A little over three years ago, when Grahame introduced the concept thFHIR(TM) standard, he didn’t just have set of technical ideas for how to better share healthcare information. He also had some fairly strong ideas about what we needed to hold as “important” as we pursued that new approach. The technical approach has evolved, in some places quite a lot. However, the underlying priorities have remained pretty consistent.
Principles are actually important core to FHIR – or any standards effort. They drive what gets produced. They also guide the community. If the principles aren’t well understood or clearly expressed, it’s easy for a standard to drift and lose focus. It’s also easy for it to deliver the wrong thing. V3 had a really strong focus on “semantic” interoperability. We made great strides in that space. However, we sort of lost track of the fact we still needed technical interoperability underneath that. (And that ease of use was sort of relevant too . . .)
Some of those principles such as “the 80%” have been widely shared (though not always well understood) . Others have found their way into presentations in slides such as the FHIR Manifesto. However, we’d never really sat down as a project and written down exactly what the fundamental principles of FHIR were or why we felt those principles were central to what FHIR was.
So the FHIR Governance Board (with review from the FHIR Management Group) has written down what we see as the “core principles” of FHIR – the FHIR Code, if you will. These are the underlying drivers that we feel should guide every design decision, every methodology rule, every step we take in deciding on scope, ballot timelines, etc. They can be found on the HL7 wiki.
I don’t think any of these principles will be a surprise to those who have been following the FHIR project. They pretty much all stem from the first principle:
FHIR prioritizes implementationNote that these aren’t hard and fast rules, but guidelines. You can’t say “I’m an implementer, I don’t like what you’re doing – therefore you’re violating FHIR core principles”. But they do reflect the spirit of what we’re trying to do and we’ll try to adhere to them as much as we can. (As well, we interpret “implementer in the broad sense – we don’t only care about those who write code but about all those who use FHIR.)
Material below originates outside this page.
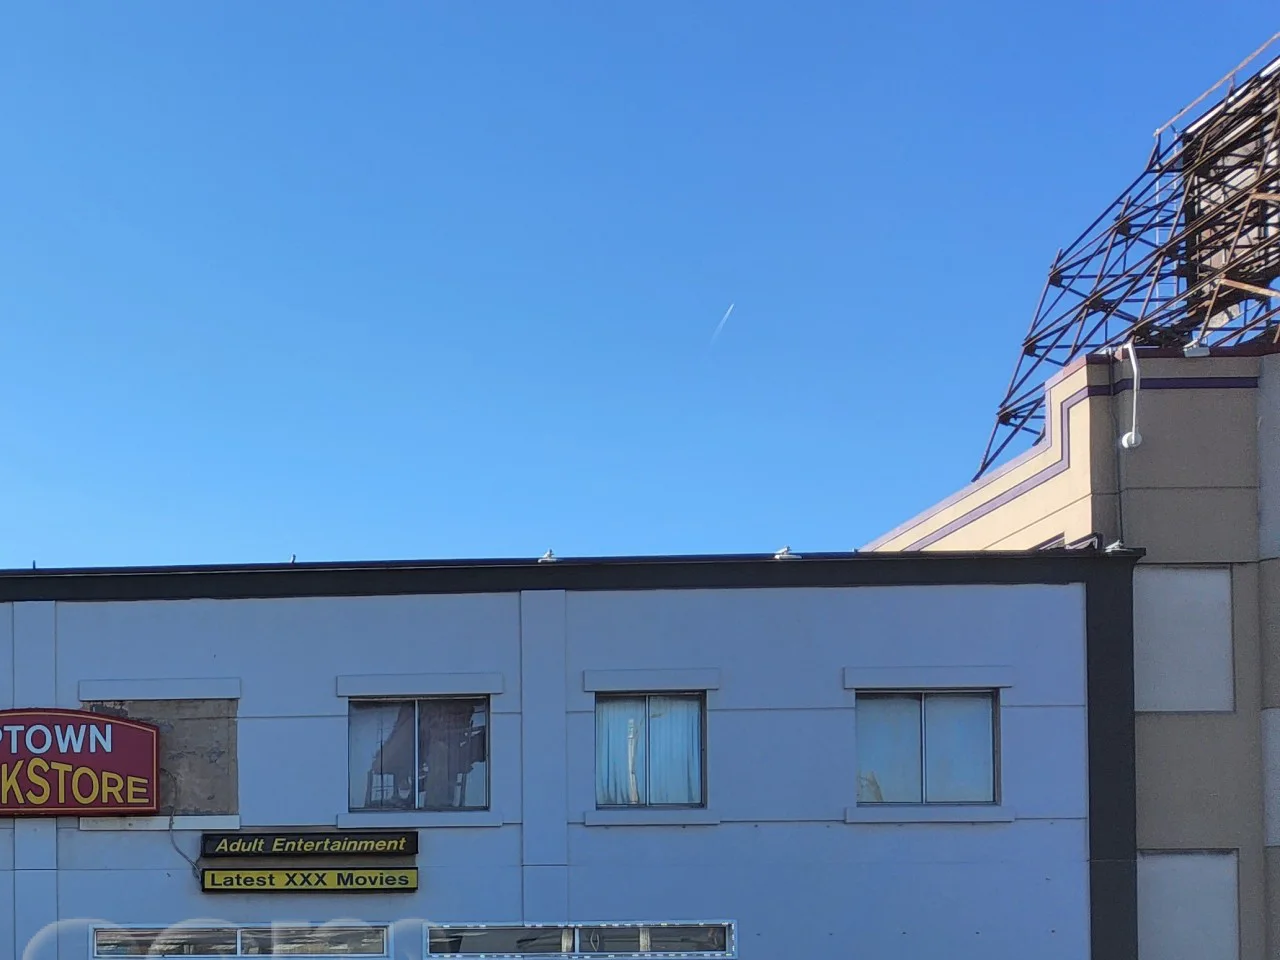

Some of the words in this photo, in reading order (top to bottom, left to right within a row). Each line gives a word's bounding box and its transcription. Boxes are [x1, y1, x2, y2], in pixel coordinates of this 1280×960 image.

The FHIR code isn’t done though, because FHIR isn’t a top-down process. It’s about community (Grahame’s been re-enforcing that a lot this week.) And as I write this, I realize we may have missed a principle that should be added to the list. In any case, we want the principles to be reflective of the desires of the community – so we’re throwing them out to implementers and the broader FHIR community:
Do these principles reflect your vision for FHIR? Is this what should be guiding our decisions? Will this help us to keep our focus on the right things? Are they clear enough?
We’ll take your feedback (here, on the FHIR list, implementer’s Skype chat or any other means you choose). Then we’ll seek feedback as part of the next FHIR DSTU.